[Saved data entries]

═══

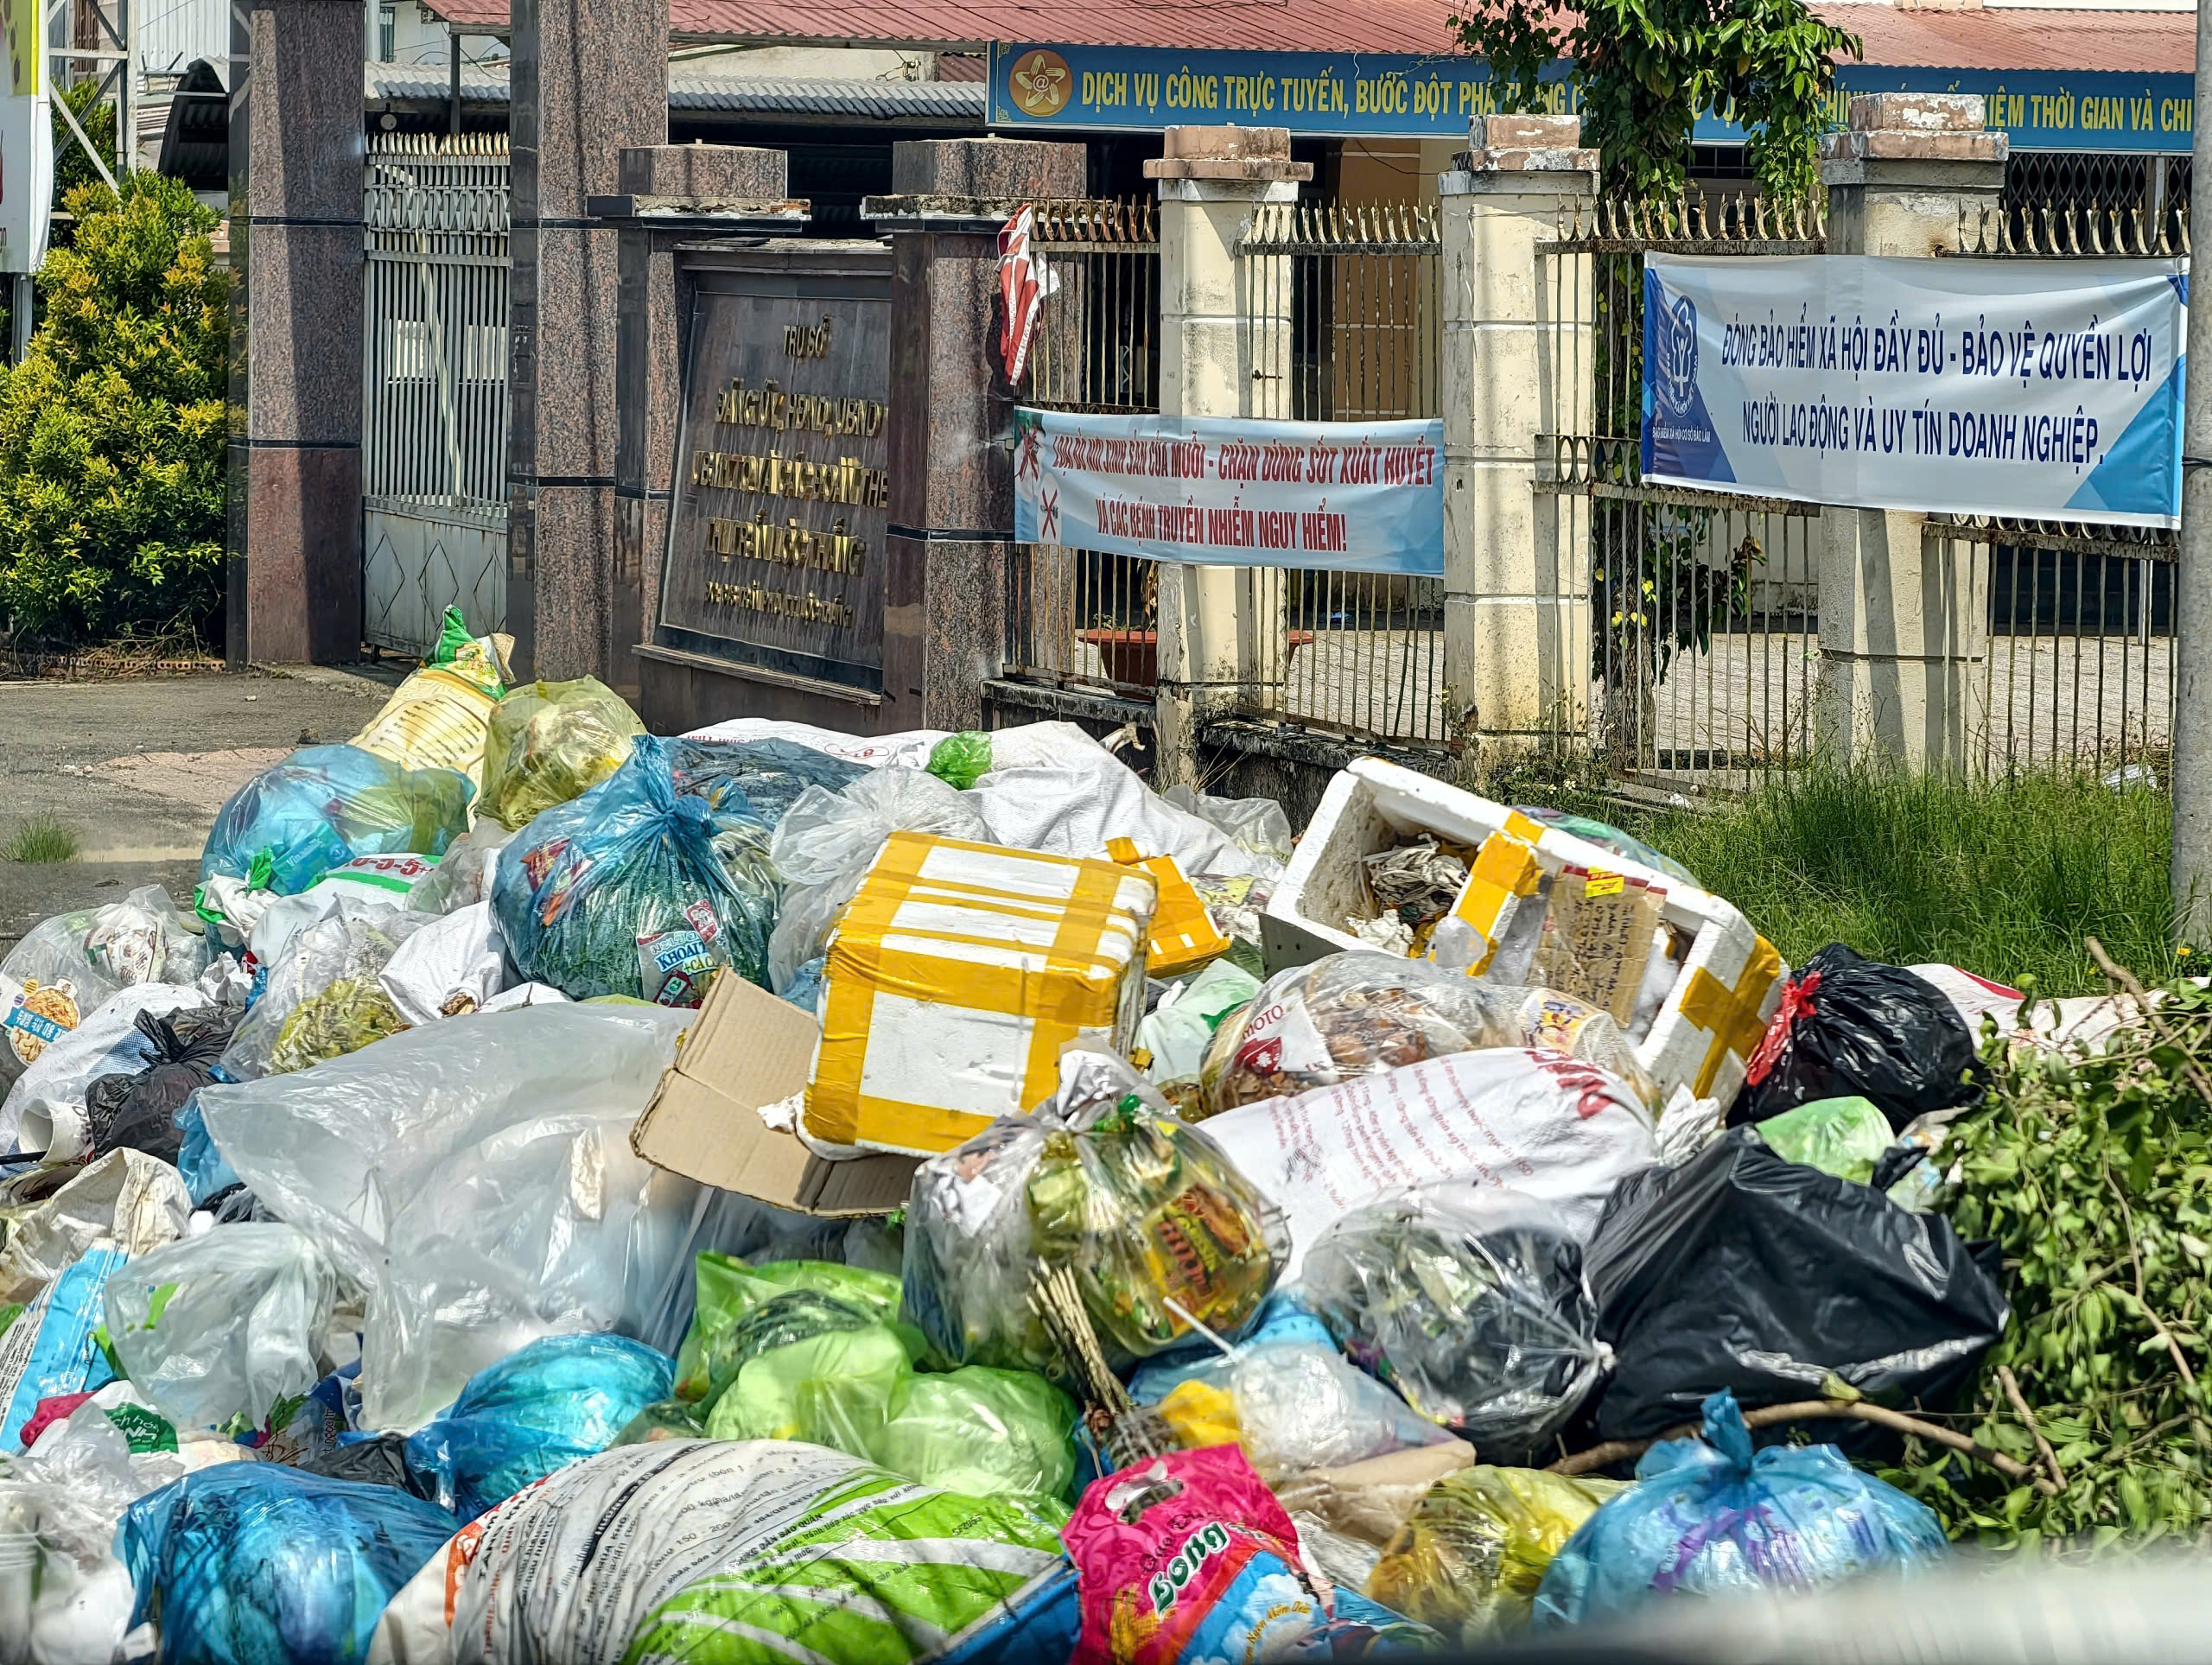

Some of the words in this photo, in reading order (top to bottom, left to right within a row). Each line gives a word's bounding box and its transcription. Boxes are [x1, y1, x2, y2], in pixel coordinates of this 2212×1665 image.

[1082, 72, 1127, 113] DỊCH
[1134, 73, 1159, 114] VỤ
[1166, 65, 1218, 109] CÔNG
[1224, 70, 1275, 118] TRỰC
[1281, 65, 1349, 119] TUYẾN,
[1355, 72, 1408, 114] BƯỚC
[1414, 72, 1452, 121] ĐỘT
[1459, 72, 1496, 115] PHÁ
[2031, 86, 2075, 129] THỜI
[2081, 96, 2124, 131] GIAN
[2130, 89, 2154, 131] VÀ
[2161, 98, 2192, 132] CHI
[1721, 313, 1758, 367] ĐÓNG
[1758, 308, 1784, 369] BẢO
[1786, 302, 1815, 370] HIỂM
[1818, 315, 1837, 370] XÃ
[1841, 315, 1868, 382] HỘI
[1874, 309, 1912, 373] ĐẦY
[1917, 312, 1944, 375] ĐỦ
[1962, 314, 2005, 377] BẢO
[2009, 320, 2036, 389] VỆ
[2039, 314, 2111, 381] QUYỀN
[2117, 327, 2152, 393] LỢI
[1172, 430, 1205, 478] MUỖI
[1218, 437, 1260, 488] CHẶN
[1262, 438, 1304, 482] ĐỨNG
[1306, 435, 1338, 484] SỐT
[1340, 435, 1382, 485] XUẤT
[1384, 435, 1435, 485] HUYẾT
[1743, 391, 1779, 446] NGƯỜI
[1783, 404, 1806, 448] LAO
[1810, 394, 1848, 459] ĐỘNG
[1854, 396, 1877, 452] VÀ
[1883, 408, 1906, 454] UY
[1912, 398, 1942, 455] TÍN
[1948, 411, 2017, 460] DOANH
[1109, 493, 1128, 537] CÁC
[1130, 495, 1155, 546] BỆNH
[1158, 495, 1204, 544] TRUYỀN
[1208, 496, 1255, 547] NHIỄM
[1259, 511, 1296, 550] NGUY
[1302, 498, 1347, 552] HIỂM!

═══

A picture-free version of all the records, repeated exactly, is what to return.

Task response »
Some of the words in this photo, in reading order (top to bottom, left to right within a row). Each line gives a word's bounding box and its transcription. Boxes are [x1, y1, x2, y2], in pixel coordinates of this 2212×1665 image.

[1082, 72, 1127, 113] DỊCH
[1134, 73, 1159, 114] VỤ
[1166, 65, 1218, 109] CÔNG
[1224, 70, 1275, 118] TRỰC
[1281, 65, 1349, 119] TUYẾN,
[1355, 72, 1408, 114] BƯỚC
[1414, 72, 1452, 121] ĐỘT
[1459, 72, 1496, 115] PHÁ
[2031, 86, 2075, 129] THỜI
[2081, 96, 2124, 131] GIAN
[2130, 89, 2154, 131] VÀ
[2161, 98, 2192, 132] CHI
[1721, 313, 1758, 367] ĐÓNG
[1758, 308, 1784, 369] BẢO
[1786, 302, 1815, 370] HIỂM
[1818, 315, 1837, 370] XÃ
[1841, 315, 1868, 382] HỘI
[1874, 309, 1912, 373] ĐẦY
[1917, 312, 1944, 375] ĐỦ
[1962, 314, 2005, 377] BẢO
[2009, 320, 2036, 389] VỆ
[2039, 314, 2111, 381] QUYỀN
[2117, 327, 2152, 393] LỢI
[1172, 430, 1205, 478] MUỖI
[1218, 437, 1260, 488] CHẶN
[1262, 438, 1304, 482] ĐỨNG
[1306, 435, 1338, 484] SỐT
[1340, 435, 1382, 485] XUẤT
[1384, 435, 1435, 485] HUYẾT
[1743, 391, 1779, 446] NGƯỜI
[1783, 404, 1806, 448] LAO
[1810, 394, 1848, 459] ĐỘNG
[1854, 396, 1877, 452] VÀ
[1883, 408, 1906, 454] UY
[1912, 398, 1942, 455] TÍN
[1948, 411, 2017, 460] DOANH
[1109, 493, 1128, 537] CÁC
[1130, 495, 1155, 546] BỆNH
[1158, 495, 1204, 544] TRUYỀN
[1208, 496, 1255, 547] NHIỄM
[1259, 511, 1296, 550] NGUY
[1302, 498, 1347, 552] HIỂM!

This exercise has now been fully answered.